Aim of the task - Down to the last line below, repeat the entries word for word and drop the pictures.

Supplied data -
::::::::::

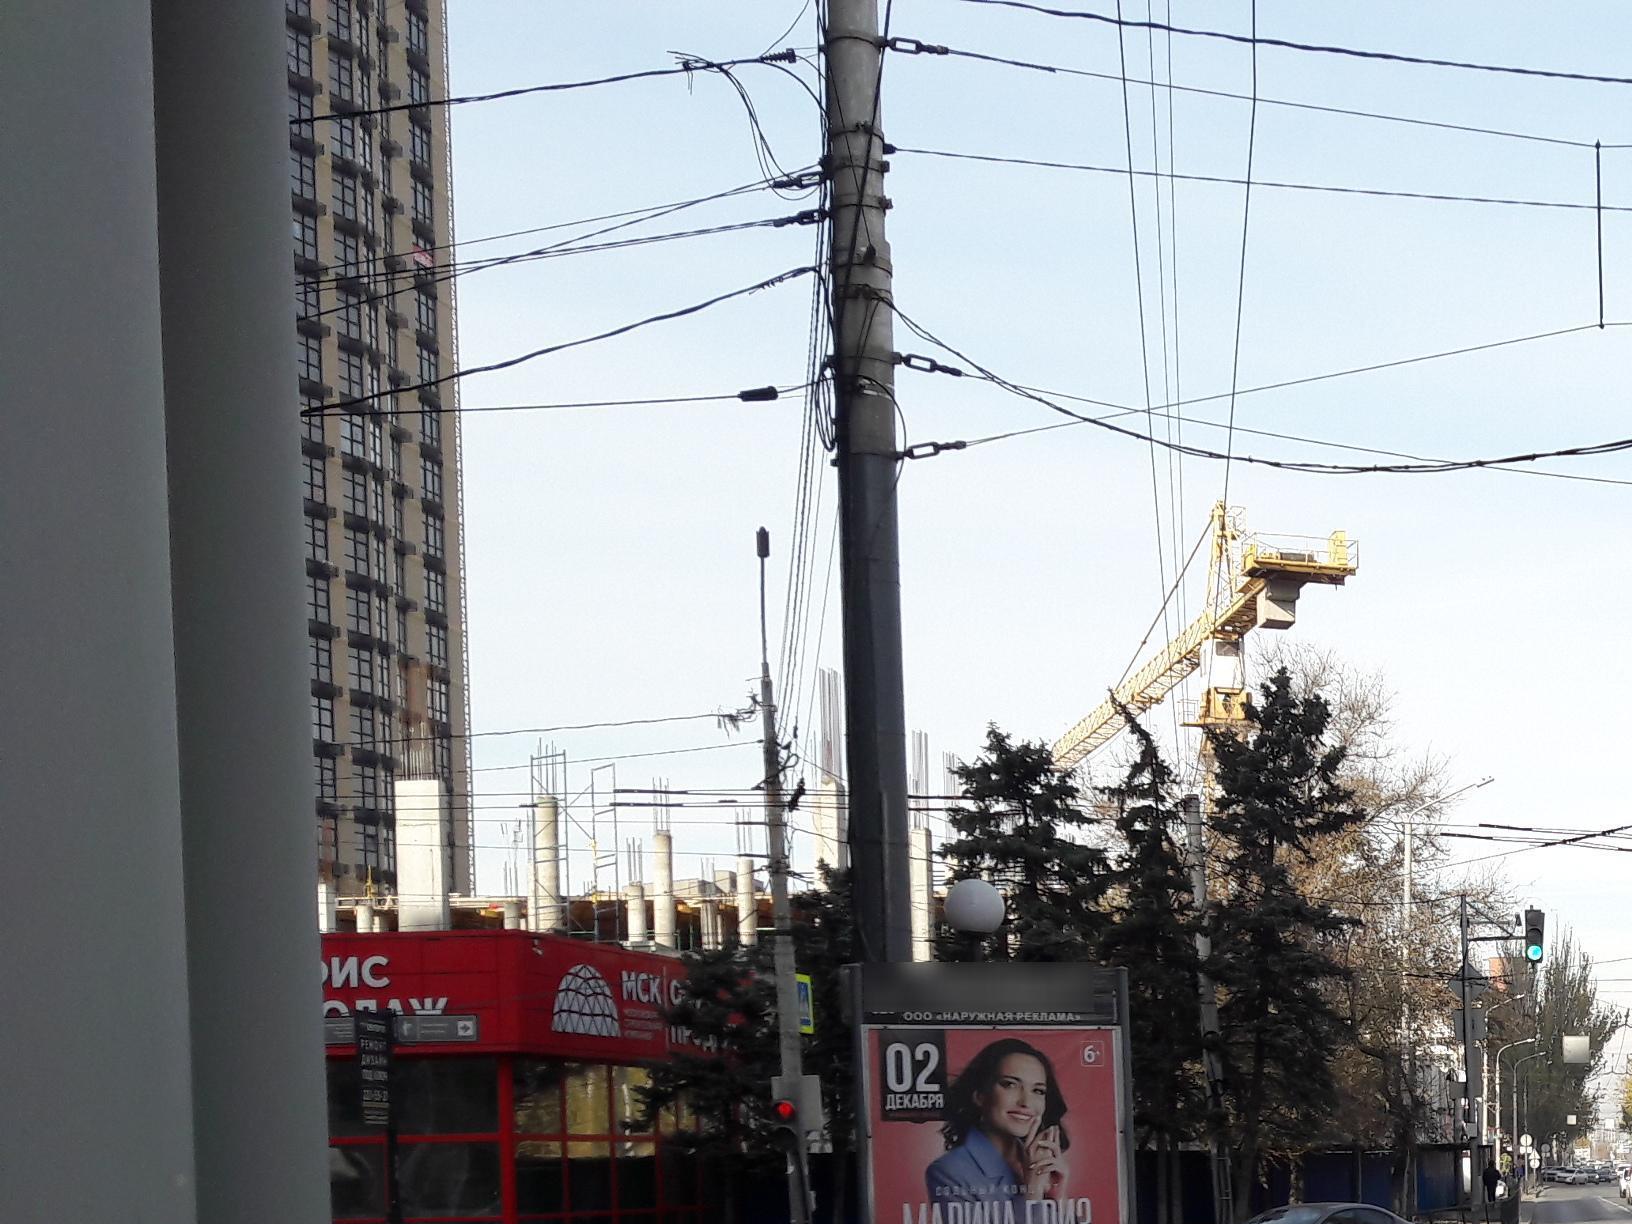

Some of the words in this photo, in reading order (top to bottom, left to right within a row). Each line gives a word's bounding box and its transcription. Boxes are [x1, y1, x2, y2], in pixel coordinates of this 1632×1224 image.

[621, 970, 662, 1005] МСК
[903, 1011, 933, 1022] ООО
[935, 1011, 1015, 1022] «НАРУЖНАЯ
[1016, 1011, 1081, 1022] РЕКЛАМА»
[886, 1042, 940, 1093] 02
[885, 1093, 945, 1111] ДЕКАБРЯ
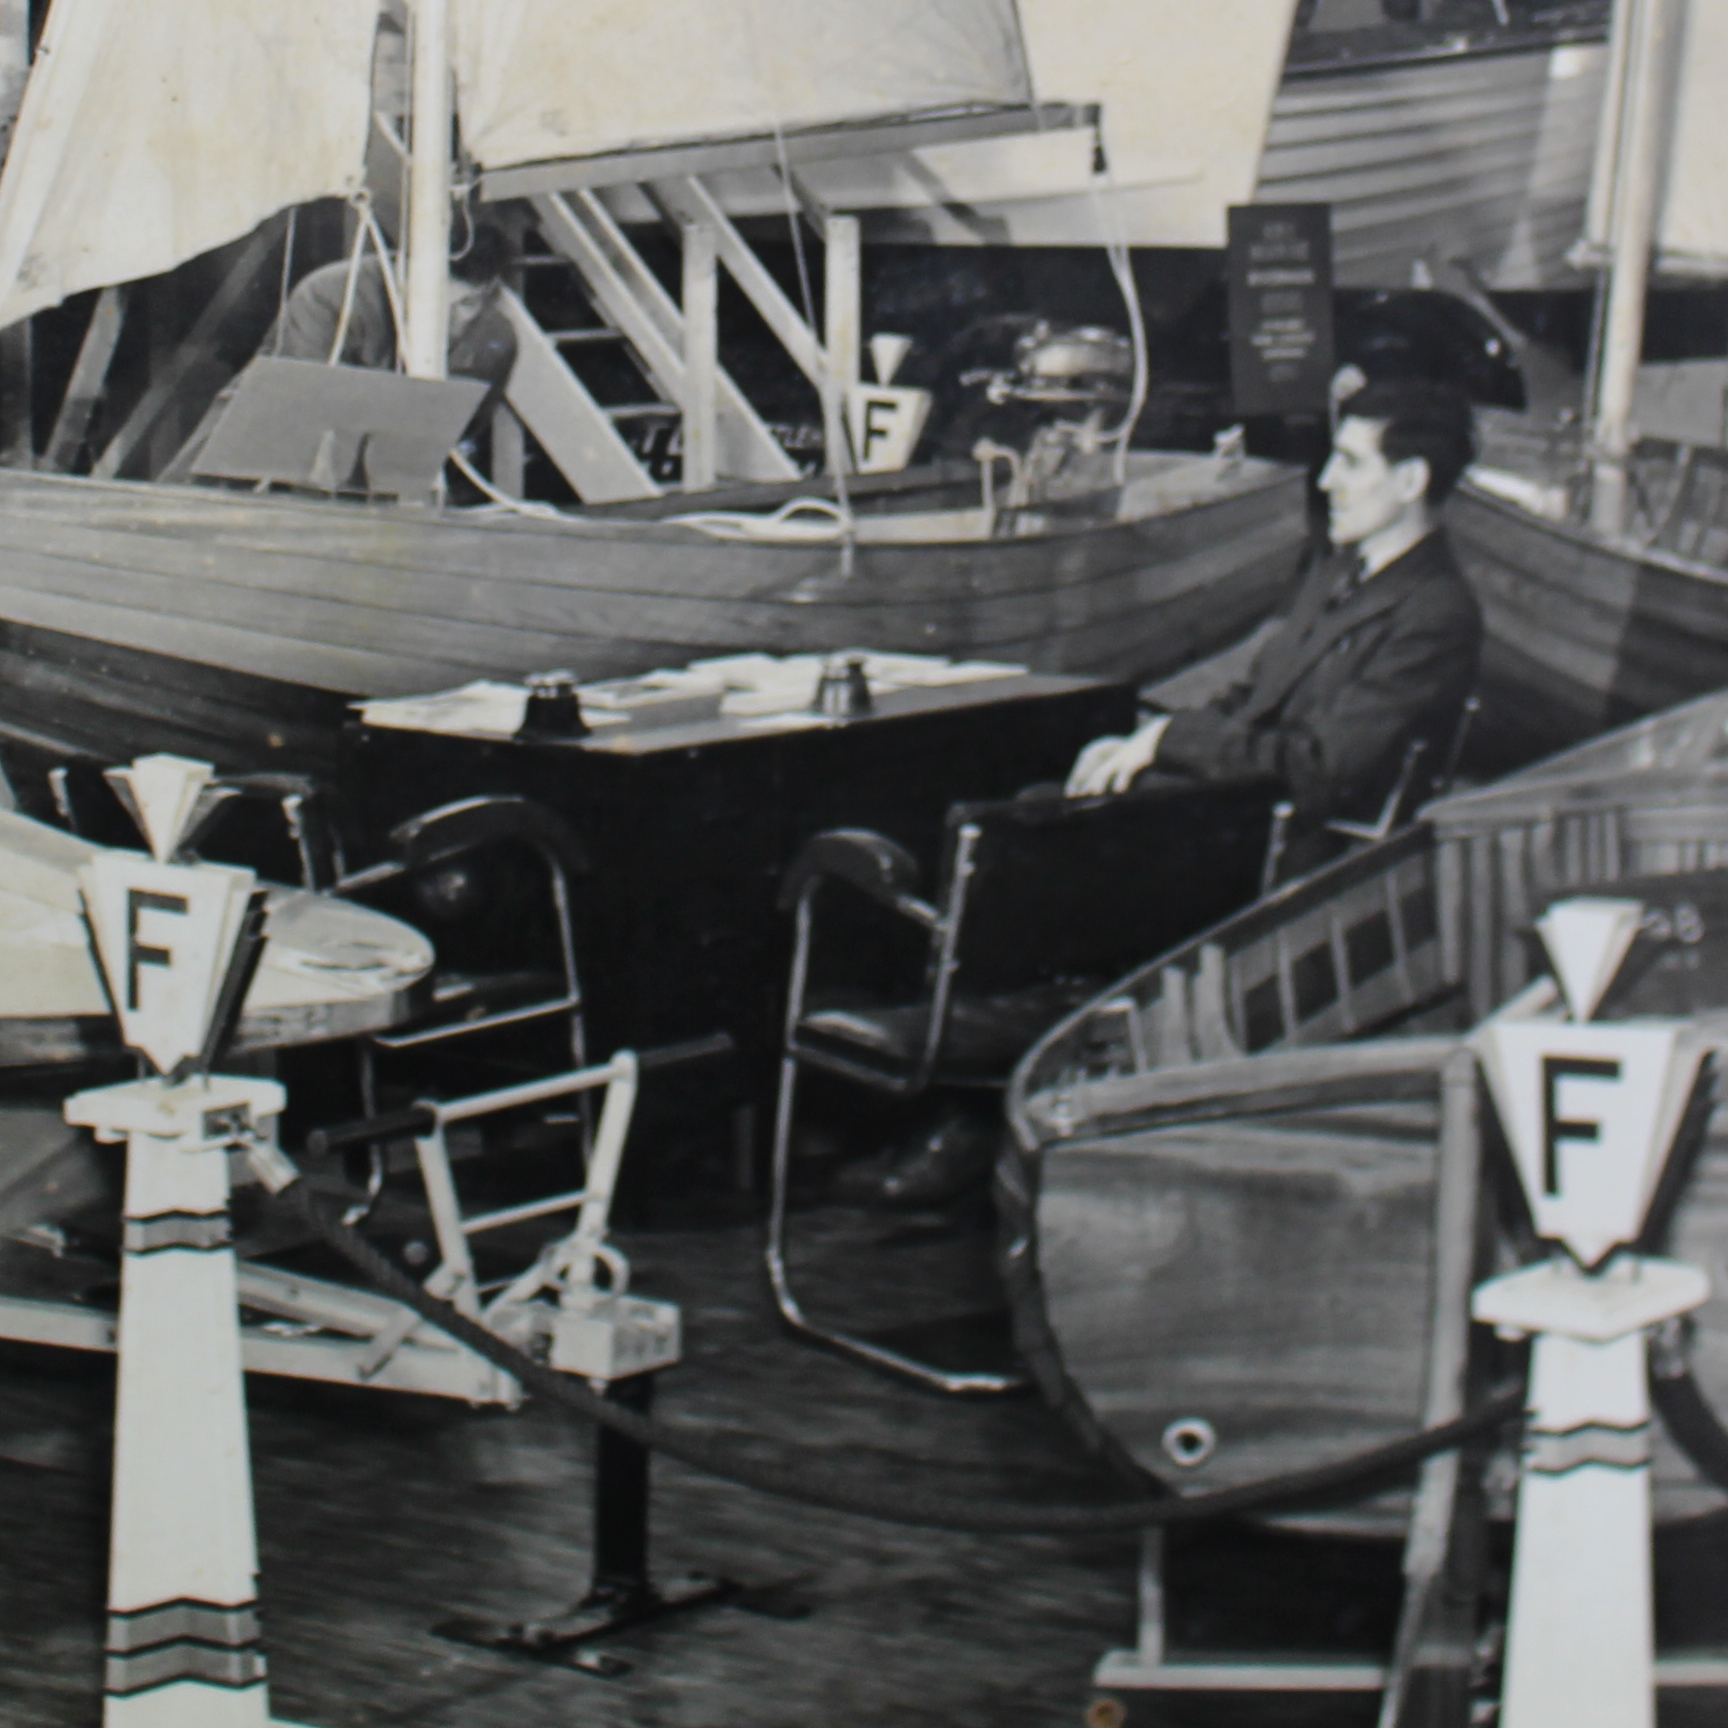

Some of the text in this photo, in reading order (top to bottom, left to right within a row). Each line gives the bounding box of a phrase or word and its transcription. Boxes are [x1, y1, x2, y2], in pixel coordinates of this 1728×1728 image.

[858, 401, 900, 460] F
[126, 888, 190, 1014] F
[1539, 1055, 1622, 1199] F

::::::::::

Answer section -
Some of the words in this photo, in reading order (top to bottom, left to right within a row). Each line gives a word's bounding box and its transcription. Boxes are [x1, y1, x2, y2], in pixel coordinates of this 1632×1224 image.

[621, 970, 662, 1005] МСК
[903, 1011, 933, 1022] ООО
[935, 1011, 1015, 1022] «НАРУЖНАЯ
[1016, 1011, 1081, 1022] РЕКЛАМА»
[886, 1042, 940, 1093] 02
[885, 1093, 945, 1111] ДЕКАБРЯ

Some of the text in this photo, in reading order (top to bottom, left to right within a row). Each line gives the bounding box of a phrase or word and its transcription. Boxes are [x1, y1, x2, y2], in pixel coordinates of this 1728×1728 image.

[858, 401, 900, 460] F
[126, 888, 190, 1014] F
[1539, 1055, 1622, 1199] F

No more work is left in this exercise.